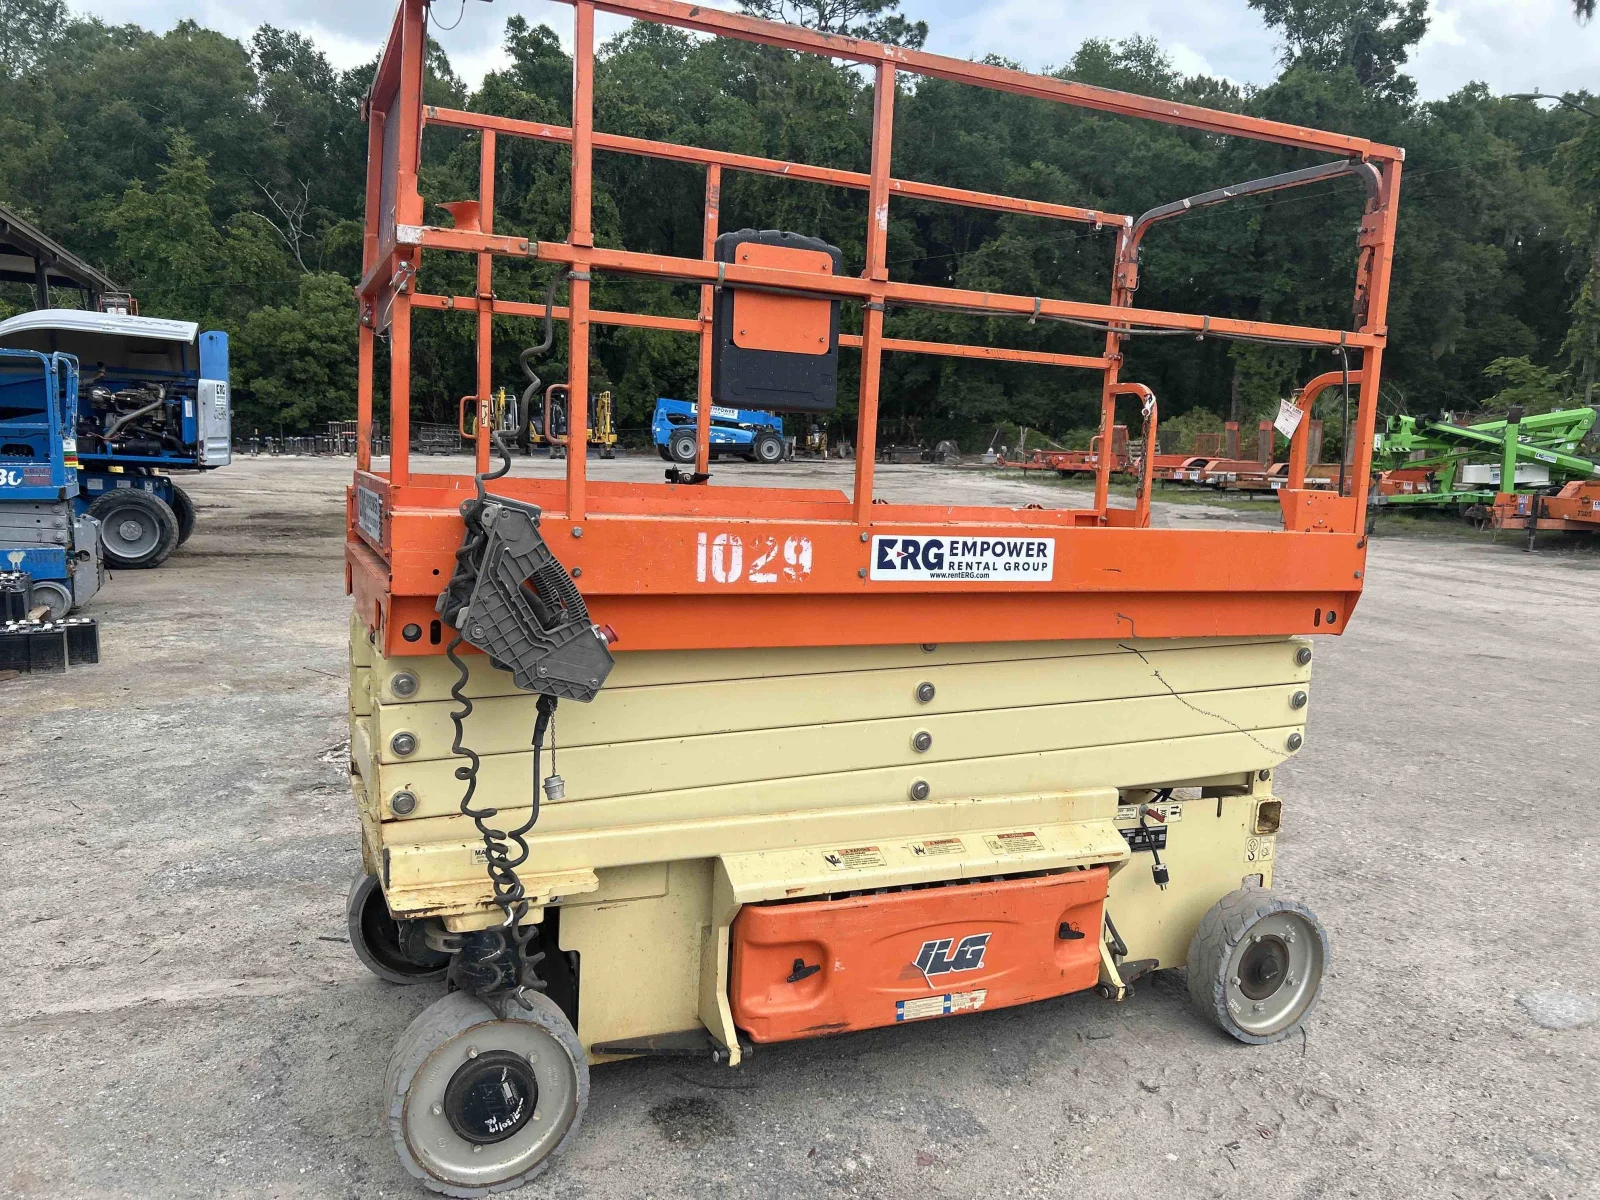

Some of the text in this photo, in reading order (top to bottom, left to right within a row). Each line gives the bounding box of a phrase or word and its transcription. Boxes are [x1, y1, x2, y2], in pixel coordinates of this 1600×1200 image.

[697, 532, 813, 583] 1029
[877, 538, 1048, 571] ERG EMPOWER
[949, 561, 1048, 571] RENTAL GROUP
[913, 932, 992, 977] JLG
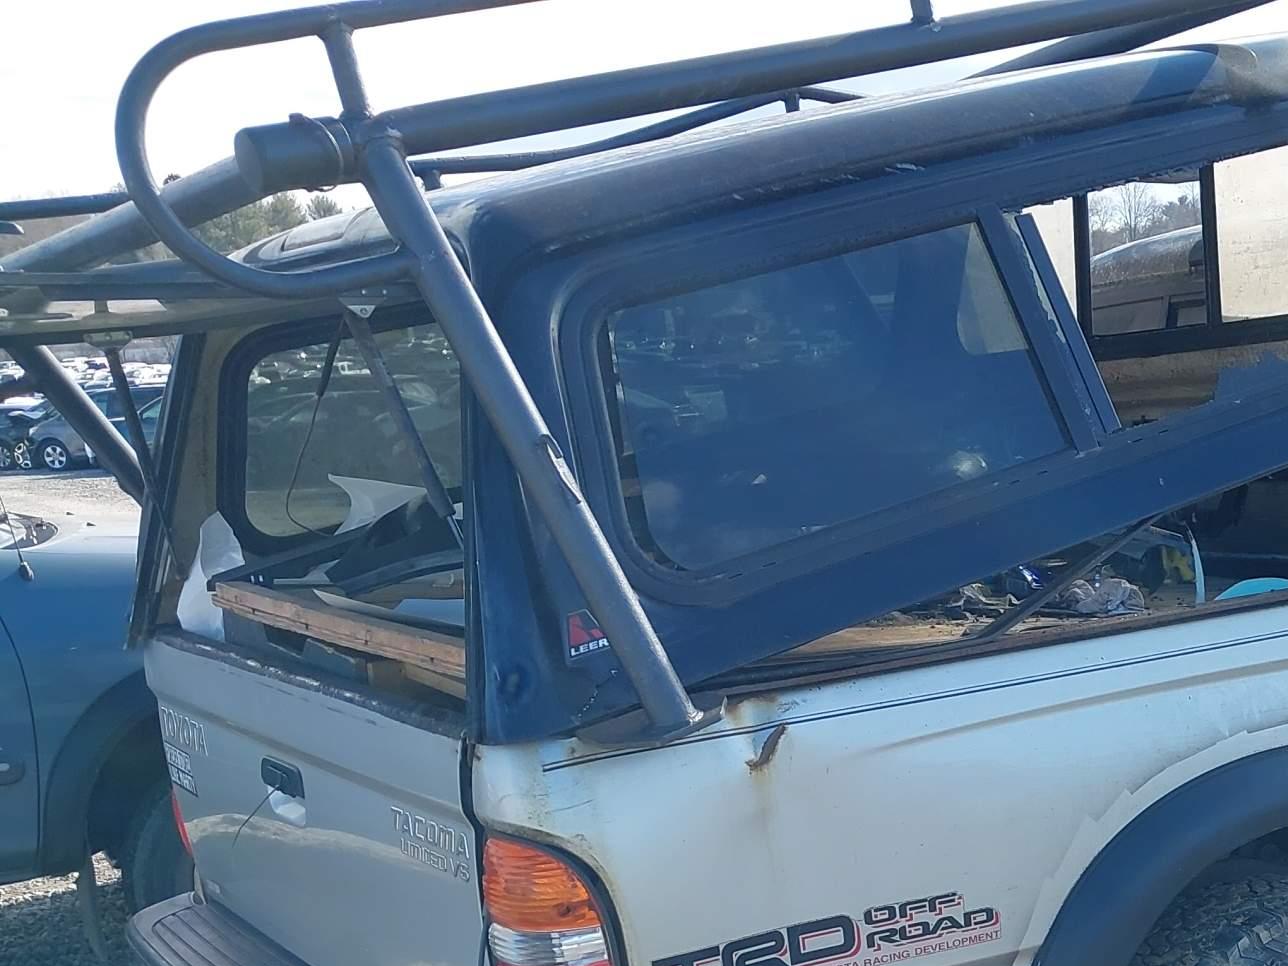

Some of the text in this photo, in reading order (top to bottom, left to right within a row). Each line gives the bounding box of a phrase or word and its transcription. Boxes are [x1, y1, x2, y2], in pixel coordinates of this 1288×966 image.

[570, 638, 609, 656] LEER
[160, 705, 209, 758] TOYOTA
[391, 805, 470, 860] TACOMA
[400, 838, 448, 873] LIMITED
[864, 891, 964, 928] OFF
[866, 907, 1000, 951] ROAD
[914, 930, 1001, 957] DEVELOPMENT

_ _ _ _ _

An exact retyping of each record, with no pictures, is the answer required.

**SOLUTION TO THIS PROBLEM:**
Some of the text in this photo, in reading order (top to bottom, left to right within a row). Each line gives the bounding box of a phrase or word and its transcription. Boxes are [x1, y1, x2, y2], in pixel coordinates of this 1600×1200 image.

[697, 532, 813, 583] 1029
[877, 538, 1048, 571] ERG EMPOWER
[949, 561, 1048, 571] RENTAL GROUP
[913, 932, 992, 977] JLG

Some of the text in this photo, in reading order (top to bottom, left to right within a row). Each line gives the bounding box of a phrase or word and its transcription. Boxes are [x1, y1, x2, y2], in pixel coordinates of this 1288×966 image.

[570, 638, 609, 656] LEER
[160, 705, 209, 758] TOYOTA
[391, 805, 470, 860] TACOMA
[400, 838, 448, 873] LIMITED
[864, 891, 964, 928] OFF
[866, 907, 1000, 951] ROAD
[914, 930, 1001, 957] DEVELOPMENT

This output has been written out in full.